╭─ Information supplied

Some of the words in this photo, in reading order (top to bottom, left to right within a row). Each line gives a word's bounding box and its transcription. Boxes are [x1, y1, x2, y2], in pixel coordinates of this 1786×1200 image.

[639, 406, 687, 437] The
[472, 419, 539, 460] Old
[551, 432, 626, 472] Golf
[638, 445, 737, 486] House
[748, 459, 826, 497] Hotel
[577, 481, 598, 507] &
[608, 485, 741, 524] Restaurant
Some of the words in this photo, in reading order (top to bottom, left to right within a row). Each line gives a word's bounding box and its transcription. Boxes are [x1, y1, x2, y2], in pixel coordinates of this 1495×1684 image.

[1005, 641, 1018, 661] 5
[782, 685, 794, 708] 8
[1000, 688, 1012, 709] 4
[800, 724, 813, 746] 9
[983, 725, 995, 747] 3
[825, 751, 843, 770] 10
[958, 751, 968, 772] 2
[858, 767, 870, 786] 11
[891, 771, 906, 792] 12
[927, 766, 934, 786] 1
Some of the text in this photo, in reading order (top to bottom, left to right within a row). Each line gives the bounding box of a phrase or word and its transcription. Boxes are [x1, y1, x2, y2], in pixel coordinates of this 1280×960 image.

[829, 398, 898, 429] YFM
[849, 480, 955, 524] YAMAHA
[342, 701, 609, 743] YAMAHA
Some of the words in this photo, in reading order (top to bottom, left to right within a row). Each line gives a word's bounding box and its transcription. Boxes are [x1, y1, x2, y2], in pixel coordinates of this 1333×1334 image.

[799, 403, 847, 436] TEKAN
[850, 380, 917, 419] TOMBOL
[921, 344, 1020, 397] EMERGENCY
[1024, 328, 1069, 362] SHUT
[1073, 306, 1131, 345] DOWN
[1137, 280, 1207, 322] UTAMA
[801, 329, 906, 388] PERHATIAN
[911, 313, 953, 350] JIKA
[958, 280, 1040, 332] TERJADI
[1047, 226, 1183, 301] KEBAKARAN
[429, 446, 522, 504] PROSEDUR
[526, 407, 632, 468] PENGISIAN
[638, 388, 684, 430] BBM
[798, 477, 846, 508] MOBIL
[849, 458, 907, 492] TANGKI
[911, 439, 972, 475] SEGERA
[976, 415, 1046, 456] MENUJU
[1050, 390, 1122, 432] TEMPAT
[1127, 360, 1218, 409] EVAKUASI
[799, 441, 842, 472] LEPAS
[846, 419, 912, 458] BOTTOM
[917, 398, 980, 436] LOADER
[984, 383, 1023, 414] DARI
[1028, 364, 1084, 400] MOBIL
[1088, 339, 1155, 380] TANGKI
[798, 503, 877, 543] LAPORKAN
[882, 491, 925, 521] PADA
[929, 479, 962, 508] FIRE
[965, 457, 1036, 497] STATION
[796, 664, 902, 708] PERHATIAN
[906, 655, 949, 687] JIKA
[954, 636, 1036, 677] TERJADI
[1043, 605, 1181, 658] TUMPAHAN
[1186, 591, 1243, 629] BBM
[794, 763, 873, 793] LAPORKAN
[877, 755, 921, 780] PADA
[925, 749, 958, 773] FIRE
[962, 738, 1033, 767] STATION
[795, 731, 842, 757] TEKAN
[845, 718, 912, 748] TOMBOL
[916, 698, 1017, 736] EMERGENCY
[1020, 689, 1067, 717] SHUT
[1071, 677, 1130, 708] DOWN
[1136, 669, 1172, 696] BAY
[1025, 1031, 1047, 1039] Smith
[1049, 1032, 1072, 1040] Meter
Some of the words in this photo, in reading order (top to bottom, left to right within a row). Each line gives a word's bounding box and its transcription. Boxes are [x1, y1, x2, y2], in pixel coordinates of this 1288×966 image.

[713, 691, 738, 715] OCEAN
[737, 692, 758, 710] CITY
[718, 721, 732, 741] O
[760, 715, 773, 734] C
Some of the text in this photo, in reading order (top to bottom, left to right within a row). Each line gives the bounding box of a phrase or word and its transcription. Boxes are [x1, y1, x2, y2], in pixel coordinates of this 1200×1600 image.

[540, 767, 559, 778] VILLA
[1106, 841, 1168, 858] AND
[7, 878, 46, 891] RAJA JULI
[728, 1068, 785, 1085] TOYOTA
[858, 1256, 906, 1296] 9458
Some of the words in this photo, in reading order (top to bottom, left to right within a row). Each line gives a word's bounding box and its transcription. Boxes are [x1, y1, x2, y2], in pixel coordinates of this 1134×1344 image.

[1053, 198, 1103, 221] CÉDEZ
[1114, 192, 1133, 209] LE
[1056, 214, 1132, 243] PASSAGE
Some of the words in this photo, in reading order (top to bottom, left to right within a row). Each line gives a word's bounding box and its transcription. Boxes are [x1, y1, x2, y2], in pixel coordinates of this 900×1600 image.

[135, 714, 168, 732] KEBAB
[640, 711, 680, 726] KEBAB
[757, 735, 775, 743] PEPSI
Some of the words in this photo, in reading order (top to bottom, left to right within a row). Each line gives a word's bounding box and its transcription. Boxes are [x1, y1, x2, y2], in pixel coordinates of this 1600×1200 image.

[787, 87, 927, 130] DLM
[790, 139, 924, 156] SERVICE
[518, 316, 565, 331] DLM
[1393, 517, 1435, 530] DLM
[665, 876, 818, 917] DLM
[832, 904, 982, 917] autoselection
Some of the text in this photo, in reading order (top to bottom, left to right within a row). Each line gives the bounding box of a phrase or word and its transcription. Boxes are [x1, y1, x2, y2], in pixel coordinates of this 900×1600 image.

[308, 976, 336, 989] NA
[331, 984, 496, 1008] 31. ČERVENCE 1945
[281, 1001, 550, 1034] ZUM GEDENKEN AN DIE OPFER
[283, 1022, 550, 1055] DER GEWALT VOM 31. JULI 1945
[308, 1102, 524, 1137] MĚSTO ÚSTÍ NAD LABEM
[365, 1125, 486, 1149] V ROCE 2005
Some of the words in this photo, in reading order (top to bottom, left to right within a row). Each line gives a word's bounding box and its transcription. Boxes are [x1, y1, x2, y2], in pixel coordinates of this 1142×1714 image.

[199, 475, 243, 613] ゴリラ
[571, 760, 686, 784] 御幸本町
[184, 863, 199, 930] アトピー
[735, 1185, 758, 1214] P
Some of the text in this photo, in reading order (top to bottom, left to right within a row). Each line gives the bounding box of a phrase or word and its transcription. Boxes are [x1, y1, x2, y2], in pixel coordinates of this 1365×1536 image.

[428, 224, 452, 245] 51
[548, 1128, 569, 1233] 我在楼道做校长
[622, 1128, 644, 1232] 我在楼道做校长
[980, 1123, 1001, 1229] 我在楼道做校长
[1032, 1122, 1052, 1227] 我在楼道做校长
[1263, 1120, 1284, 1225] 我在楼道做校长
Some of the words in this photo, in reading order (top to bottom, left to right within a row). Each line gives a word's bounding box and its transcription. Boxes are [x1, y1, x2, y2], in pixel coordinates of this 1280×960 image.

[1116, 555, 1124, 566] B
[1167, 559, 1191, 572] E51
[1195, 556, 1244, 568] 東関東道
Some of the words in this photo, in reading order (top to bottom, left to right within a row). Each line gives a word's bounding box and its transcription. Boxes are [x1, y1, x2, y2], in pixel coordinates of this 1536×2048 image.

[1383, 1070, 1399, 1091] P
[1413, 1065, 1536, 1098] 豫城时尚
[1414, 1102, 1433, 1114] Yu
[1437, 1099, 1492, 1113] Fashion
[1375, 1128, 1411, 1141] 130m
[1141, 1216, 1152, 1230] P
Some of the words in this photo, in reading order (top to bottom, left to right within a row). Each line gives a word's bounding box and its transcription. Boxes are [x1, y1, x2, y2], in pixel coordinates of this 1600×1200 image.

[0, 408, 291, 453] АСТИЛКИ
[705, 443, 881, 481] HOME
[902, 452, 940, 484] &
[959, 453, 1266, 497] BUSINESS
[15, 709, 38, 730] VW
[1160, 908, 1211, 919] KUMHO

╰─

Task:
From the first line to the last, reproduce the data exactly.

Your response:
Some of the words in this photo, in reading order (top to bottom, left to right within a row). Each line gives a word's bounding box and its transcription. Boxes are [x1, y1, x2, y2], in pixel coordinates of this 1786×1200 image.

[639, 406, 687, 437] The
[472, 419, 539, 460] Old
[551, 432, 626, 472] Golf
[638, 445, 737, 486] House
[748, 459, 826, 497] Hotel
[577, 481, 598, 507] &
[608, 485, 741, 524] Restaurant
Some of the words in this photo, in reading order (top to bottom, left to right within a row). Each line gives a word's bounding box and its transcription. Boxes are [x1, y1, x2, y2], in pixel coordinates of this 1495×1684 image.

[1005, 641, 1018, 661] 5
[782, 685, 794, 708] 8
[1000, 688, 1012, 709] 4
[800, 724, 813, 746] 9
[983, 725, 995, 747] 3
[825, 751, 843, 770] 10
[958, 751, 968, 772] 2
[858, 767, 870, 786] 11
[891, 771, 906, 792] 12
[927, 766, 934, 786] 1
Some of the text in this photo, in reading order (top to bottom, left to right within a row). Each line gives the bounding box of a phrase or word and its transcription. Boxes are [x1, y1, x2, y2], in pixel coordinates of this 1280×960 image.

[829, 398, 898, 429] YFM
[849, 480, 955, 524] YAMAHA
[342, 701, 609, 743] YAMAHA
Some of the words in this photo, in reading order (top to bottom, left to right within a row). Each line gives a word's bounding box and its transcription. Boxes are [x1, y1, x2, y2], in pixel coordinates of this 1333×1334 image.

[799, 403, 847, 436] TEKAN
[850, 380, 917, 419] TOMBOL
[921, 344, 1020, 397] EMERGENCY
[1024, 328, 1069, 362] SHUT
[1073, 306, 1131, 345] DOWN
[1137, 280, 1207, 322] UTAMA
[801, 329, 906, 388] PERHATIAN
[911, 313, 953, 350] JIKA
[958, 280, 1040, 332] TERJADI
[1047, 226, 1183, 301] KEBAKARAN
[429, 446, 522, 504] PROSEDUR
[526, 407, 632, 468] PENGISIAN
[638, 388, 684, 430] BBM
[798, 477, 846, 508] MOBIL
[849, 458, 907, 492] TANGKI
[911, 439, 972, 475] SEGERA
[976, 415, 1046, 456] MENUJU
[1050, 390, 1122, 432] TEMPAT
[1127, 360, 1218, 409] EVAKUASI
[799, 441, 842, 472] LEPAS
[846, 419, 912, 458] BOTTOM
[917, 398, 980, 436] LOADER
[984, 383, 1023, 414] DARI
[1028, 364, 1084, 400] MOBIL
[1088, 339, 1155, 380] TANGKI
[798, 503, 877, 543] LAPORKAN
[882, 491, 925, 521] PADA
[929, 479, 962, 508] FIRE
[965, 457, 1036, 497] STATION
[796, 664, 902, 708] PERHATIAN
[906, 655, 949, 687] JIKA
[954, 636, 1036, 677] TERJADI
[1043, 605, 1181, 658] TUMPAHAN
[1186, 591, 1243, 629] BBM
[794, 763, 873, 793] LAPORKAN
[877, 755, 921, 780] PADA
[925, 749, 958, 773] FIRE
[962, 738, 1033, 767] STATION
[795, 731, 842, 757] TEKAN
[845, 718, 912, 748] TOMBOL
[916, 698, 1017, 736] EMERGENCY
[1020, 689, 1067, 717] SHUT
[1071, 677, 1130, 708] DOWN
[1136, 669, 1172, 696] BAY
[1025, 1031, 1047, 1039] Smith
[1049, 1032, 1072, 1040] Meter
Some of the words in this photo, in reading order (top to bottom, left to right within a row). Each line gives a word's bounding box and its transcription. Boxes are [x1, y1, x2, y2], in pixel coordinates of this 1288×966 image.

[713, 691, 738, 715] OCEAN
[737, 692, 758, 710] CITY
[718, 721, 732, 741] O
[760, 715, 773, 734] C
Some of the text in this photo, in reading order (top to bottom, left to right within a row). Each line gives the bounding box of a phrase or word and its transcription. Boxes are [x1, y1, x2, y2], in pixel coordinates of this 1200×1600 image.

[540, 767, 559, 778] VILLA
[1106, 841, 1168, 858] AND
[7, 878, 46, 891] RAJA JULI
[728, 1068, 785, 1085] TOYOTA
[858, 1256, 906, 1296] 9458
Some of the words in this photo, in reading order (top to bottom, left to right within a row). Each line gives a word's bounding box and its transcription. Boxes are [x1, y1, x2, y2], in pixel coordinates of this 1134×1344 image.

[1053, 198, 1103, 221] CÉDEZ
[1114, 192, 1133, 209] LE
[1056, 214, 1132, 243] PASSAGE
Some of the words in this photo, in reading order (top to bottom, left to right within a row). Each line gives a word's bounding box and its transcription. Boxes are [x1, y1, x2, y2], in pixel coordinates of this 900×1600 image.

[135, 714, 168, 732] KEBAB
[640, 711, 680, 726] KEBAB
[757, 735, 775, 743] PEPSI
Some of the words in this photo, in reading order (top to bottom, left to right within a row). Each line gives a word's bounding box and its transcription. Boxes are [x1, y1, x2, y2], in pixel coordinates of this 1600×1200 image.

[787, 87, 927, 130] DLM
[790, 139, 924, 156] SERVICE
[518, 316, 565, 331] DLM
[1393, 517, 1435, 530] DLM
[665, 876, 818, 917] DLM
[832, 904, 982, 917] autoselection
Some of the text in this photo, in reading order (top to bottom, left to right within a row). Each line gives the bounding box of a phrase or word and its transcription. Boxes are [x1, y1, x2, y2], in pixel coordinates of this 900×1600 image.

[308, 976, 336, 989] NA
[331, 984, 496, 1008] 31. ČERVENCE 1945
[281, 1001, 550, 1034] ZUM GEDENKEN AN DIE OPFER
[283, 1022, 550, 1055] DER GEWALT VOM 31. JULI 1945
[308, 1102, 524, 1137] MĚSTO ÚSTÍ NAD LABEM
[365, 1125, 486, 1149] V ROCE 2005
Some of the words in this photo, in reading order (top to bottom, left to right within a row). Each line gives a word's bounding box and its transcription. Boxes are [x1, y1, x2, y2], in pixel coordinates of this 1142×1714 image.

[199, 475, 243, 613] ゴリラ
[571, 760, 686, 784] 御幸本町
[184, 863, 199, 930] アトピー
[735, 1185, 758, 1214] P
Some of the text in this photo, in reading order (top to bottom, left to right within a row). Each line gives the bounding box of a phrase or word and its transcription. Boxes are [x1, y1, x2, y2], in pixel coordinates of this 1365×1536 image.

[428, 224, 452, 245] 51
[548, 1128, 569, 1233] 我在楼道做校长
[622, 1128, 644, 1232] 我在楼道做校长
[980, 1123, 1001, 1229] 我在楼道做校长
[1032, 1122, 1052, 1227] 我在楼道做校长
[1263, 1120, 1284, 1225] 我在楼道做校长
Some of the words in this photo, in reading order (top to bottom, left to right within a row). Each line gives a word's bounding box and its transcription. Boxes are [x1, y1, x2, y2], in pixel coordinates of this 1280×960 image.

[1116, 555, 1124, 566] B
[1167, 559, 1191, 572] E51
[1195, 556, 1244, 568] 東関東道
Some of the words in this photo, in reading order (top to bottom, left to right within a row). Each line gives a word's bounding box and its transcription. Boxes are [x1, y1, x2, y2], in pixel coordinates of this 1536×2048 image.

[1383, 1070, 1399, 1091] P
[1413, 1065, 1536, 1098] 豫城时尚
[1414, 1102, 1433, 1114] Yu
[1437, 1099, 1492, 1113] Fashion
[1375, 1128, 1411, 1141] 130m
[1141, 1216, 1152, 1230] P
Some of the words in this photo, in reading order (top to bottom, left to right within a row). Each line gives a word's bounding box and its transcription. Boxes are [x1, y1, x2, y2], in pixel coordinates of this 1600×1200 image.

[0, 408, 291, 453] АСТИЛКИ
[705, 443, 881, 481] HOME
[902, 452, 940, 484] &
[959, 453, 1266, 497] BUSINESS
[15, 709, 38, 730] VW
[1160, 908, 1211, 919] KUMHO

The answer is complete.